Campbell is just one example of the millions of women who have, since the election, become activists in their communities. There have, of course, been large organized and publicized events—like the Women’s March, which spread to over 600 marches across the globe; the Pussyhat Project and grabyourwallet.org, run by San Francisco-based Shannon Coulter. But there are also a large number of women who are doing things–from huddles to book clubs, salons, blogs and letter-writing meetings—who are not only making a difference locally but helping to reignite civil society across the country.

“It is like we have been complacent to some degree and I think there are some gaps and challenges in our civil society but I think we do have these strong traditions that we can draw on,” says Carrie Booth Walling, a political science professor who formed Wo(men) of Action in Flint, Michigan after the Women’s March. “I am finding a sense of reawakening to the rights and the powers that we do have over our government and it is much more of an empowered action. And while it may have been motivated by some negativity and outrage, it has actually turned into something positive and inspiring.”
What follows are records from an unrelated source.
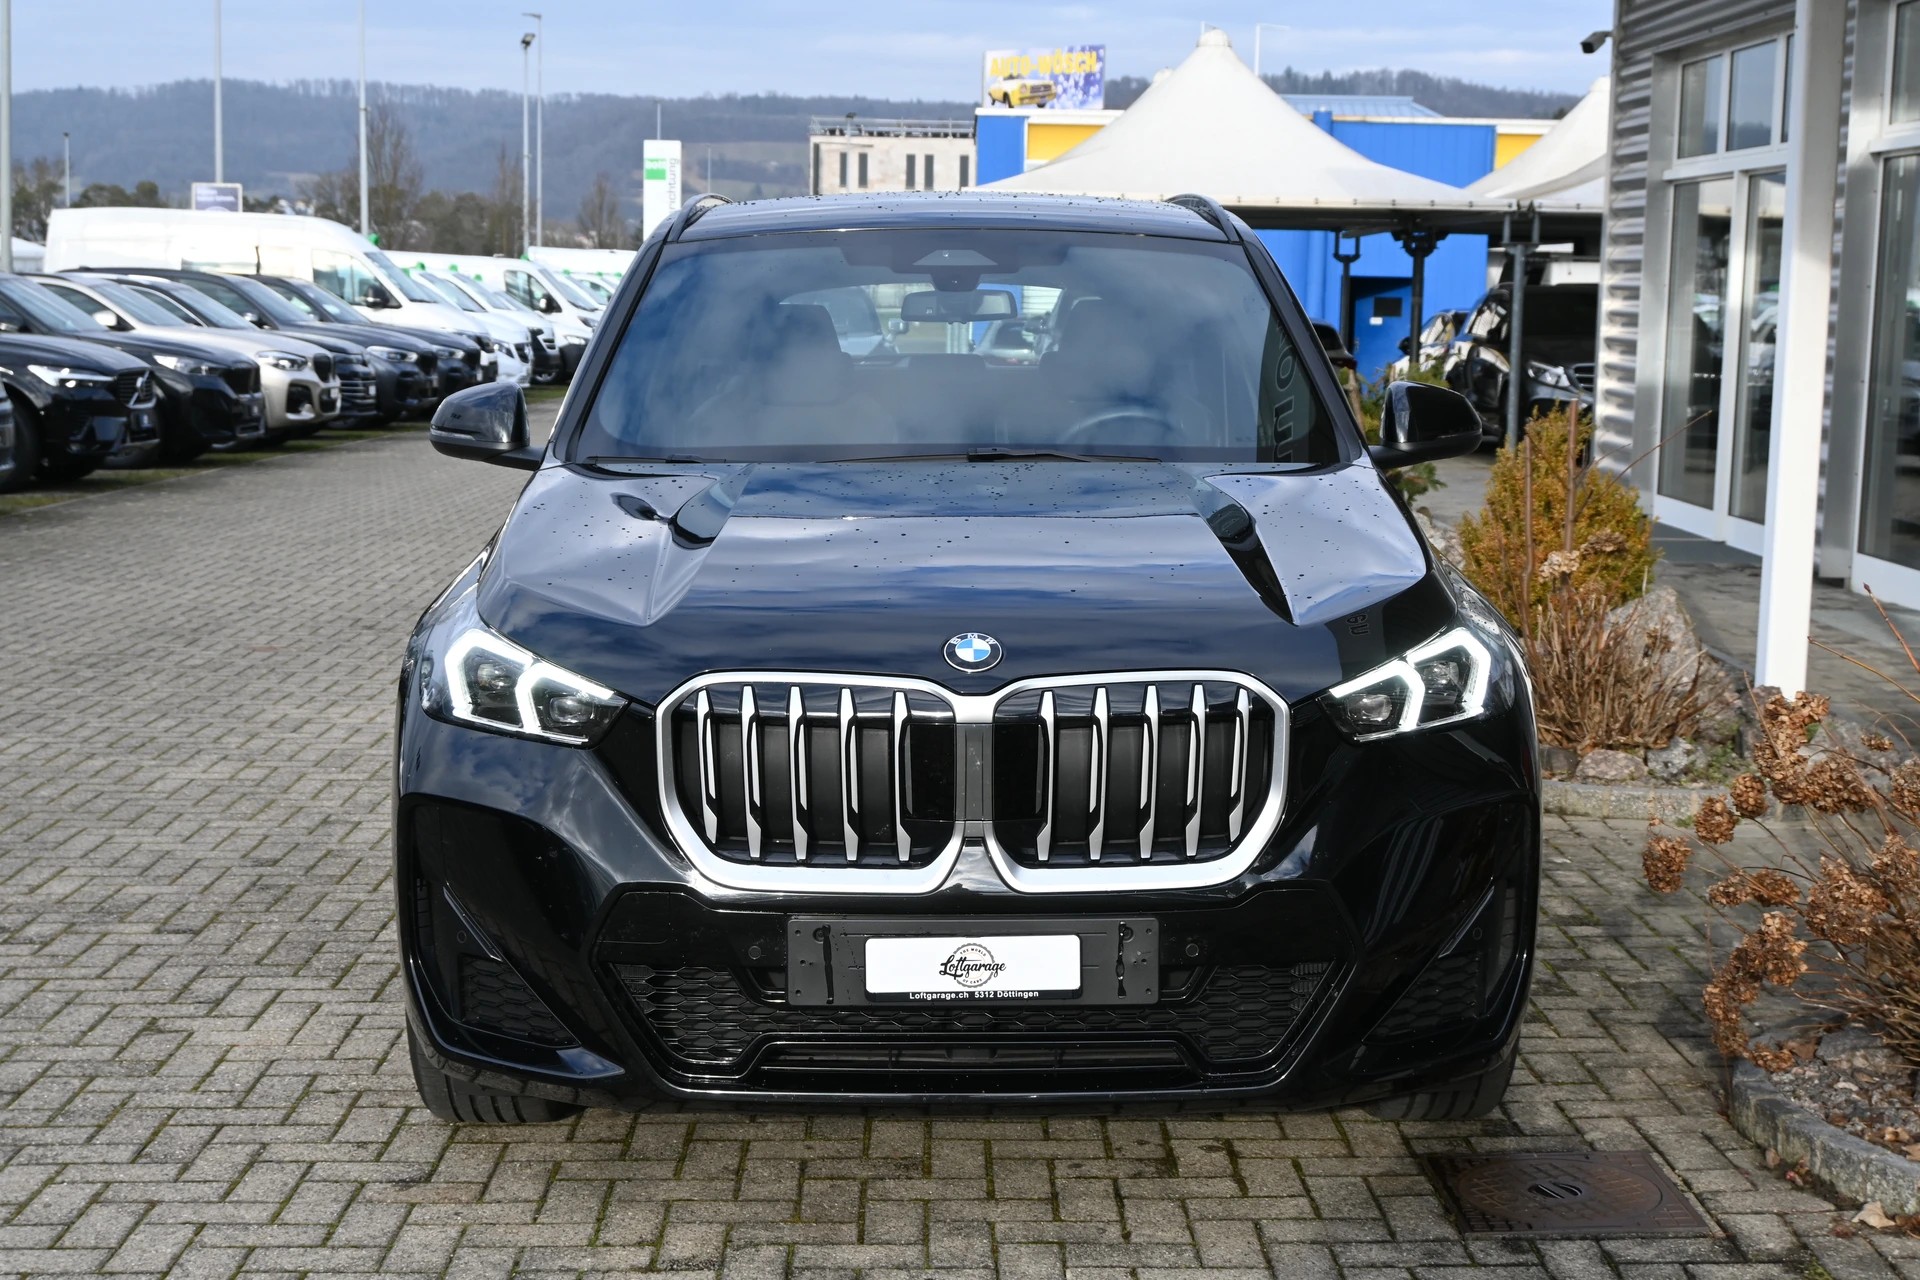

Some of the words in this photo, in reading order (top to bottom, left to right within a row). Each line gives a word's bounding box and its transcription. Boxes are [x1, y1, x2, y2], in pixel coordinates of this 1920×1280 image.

[949, 633, 997, 645] BMW
[939, 954, 1007, 981] Loftgarage
[909, 991, 969, 1000] Loftgarage.ch
[974, 990, 995, 998] 5312
[997, 990, 1039, 1000] Döttingen
One of those inspiring events was Baltimore’s Sing for Justice concert, where a group of people in the community got together, held a choir concert with just an hour’s practice and raised over $1,000 for both Baltimore Racial Justice Action and the Southern Poverty Law Center. “We have only had one event so far, but we had a great response,” says Allison McElheny, one of the group’s organizers. “[We] hope to grow and hold similar events every few months for a wider variety of social justice organizations.” Halfway across the country in Denver, on March 25, there will be a Women’s Day of Service event engaging women in volunteer opportunities ranging from working in a community garden to helping in a local domestic violence shelter.

Kendra Komp, who works for a start-up in suburban Detroit, hosted a “Pints and Postcards” event earlier in February where over 200 people wrote over 1,200 postcards to politicians with statements like “global warming is real; it is not an alternative fact” and “I am a woman, and I vote.” “I realized the focus of the event was bringing people together to have real conversations and not feel so isolated,” says Ms. Komp, who next month will host her first women’s salon—with one planned afterward to happen every eight weeks. “A few older women who protested against Vietnam and for women’s equality in the 1970s came up and thanked me for carrying the torch.”
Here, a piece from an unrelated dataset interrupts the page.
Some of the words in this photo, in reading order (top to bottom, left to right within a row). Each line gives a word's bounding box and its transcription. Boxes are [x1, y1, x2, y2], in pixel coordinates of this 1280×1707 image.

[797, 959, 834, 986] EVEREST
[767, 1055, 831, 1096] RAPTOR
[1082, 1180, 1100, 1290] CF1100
Meanwhile, Vermont-based artist and teacher Alyssa Goss DeLaBruere started mendamerica.org—a website selling t-shirts, jewelry and art prints with inspirational messages and designs. For the first 100 days that Trump is in office, 100 percent of their profits will be donated to organizations including the Sierra Club and Vermont Rights and Democracy. “I would never have called myself a feminist prior to November 2016,” says DeLaBruere. “Do I see myself as a feminist today—damn straight. I am a badass feminist that will stand up against injustice for my own gender and anyone else that is under attack.”

And it’s not just Americans who are getting active. In London, Sam Roddick—an artist and founder of lingerie company Coco de Mer—was frustrated not only over Trump’s misogynist statements but also concerned about Brexit. Since December, she has hosted two political salons. Next month, she will start holding letter-writing events. “We are getting a writer in to do a workshop on how to write the most profound, witty, concise letter and graphic designer to give insight on how to make a letter visually captivating without looking like a nutter,” joked Roddick, who is the daughter of the late activist and Body Shop founder Anita Roddick. “We will then walk to the end of the road to put them into letterbox, so that they are signed, sealed and delivered.”


Ginanne Brownell Mitic is a London-based freelance journalist who writes about arts, culture and education. She and her Denver-based friend Kristin Kirsch Feldkamp launched she-files.com on January 21, a webzine focused on covering stories about women and profiling inspiring women that is written exclusively by women.